Cette déformation des réalités sur le terrain est apparue au grand jour au cours des mouvements de protestation estudiantine dont plusieurs prestigieux campus américains ont été le théâtre ces dernières semaines. Des dizaines d’étudiants en colère ont en effet envahi les campus de Columbia, à New York, de Yale, Harvard et Princeton, entre autres. Cette fronde a même atteint, brièvement, Sciences Po à Paris.  Si l’on se fie aux apparences, le catalyseur de cette fronde a été le dérapage meurtrier qui marque la guerre entre Israël et le Hamas.

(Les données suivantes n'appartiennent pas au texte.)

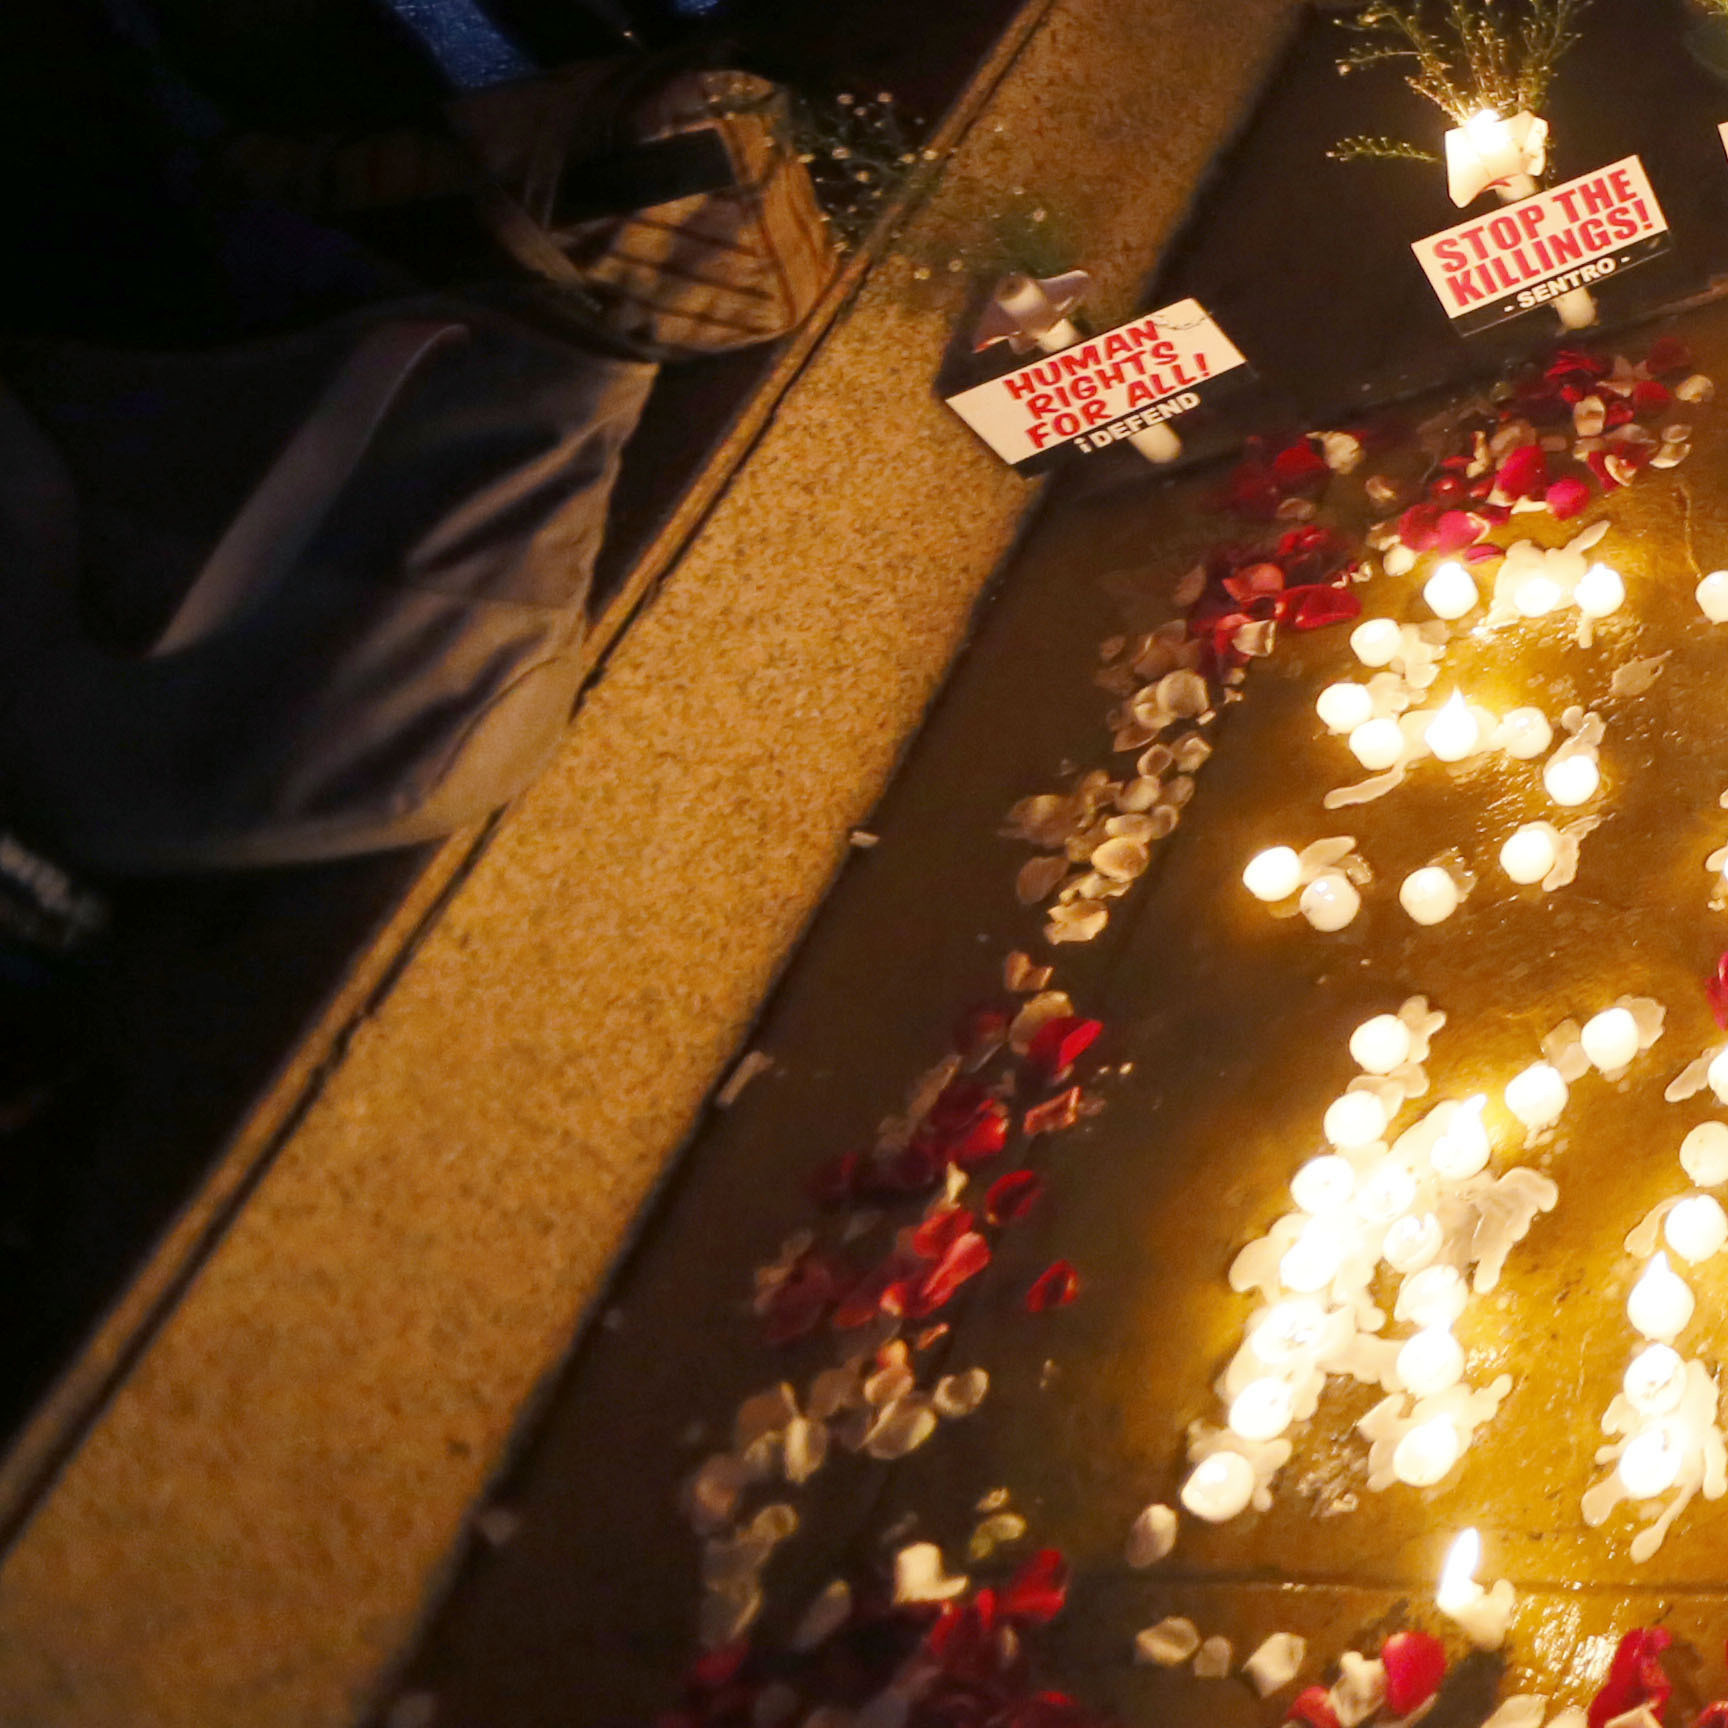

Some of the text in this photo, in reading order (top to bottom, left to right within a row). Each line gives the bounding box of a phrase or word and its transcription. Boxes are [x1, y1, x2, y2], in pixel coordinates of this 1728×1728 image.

[1433, 168, 1638, 274] STOP THE
[1445, 197, 1654, 308] KILLINGS!
[1516, 257, 1617, 309] SENTRO
[1001, 319, 1161, 401] HUMAN
[1023, 340, 1180, 421] RIGHTS
[1024, 352, 1212, 449] FOR ALL!

Que les étudiants s’élèvent et fassent entendre leurs voix pour stigmatiser les massacres subis par la population de Gaza constitue une initiative louable, dans l’absolu. Cependant, les slogans lancés, les positions affichées ici et là, illustrent à quel point les contestataires ne savent pas de quoi ils parlent et font montre d’une ignorance totale des réalités sur le terrain. Ils stigmatisent le cabinet Netanyahou et font dans le même temps l’apologie du Hamas, qu’ils perçoivent comme un "mouvement de résistance". Ils ignorent à cet égard – ou feignent d’ignorer – que le Hamas a été aidé et renforcé par Netanyahou dans le but d’affaiblir l’OLP et de saboter le projet d’État palestinien. Ils ignorent – ou feignent d’ignorer – que c’est du fait de la collusion et de la coopération de celui qu’ils stigmatisent, en l’occurrence Netanyahou, que le financement massif du Hamas s’est fait à coup de centaines de millions de dollars transférés régulièrement par le Qatar via Israël.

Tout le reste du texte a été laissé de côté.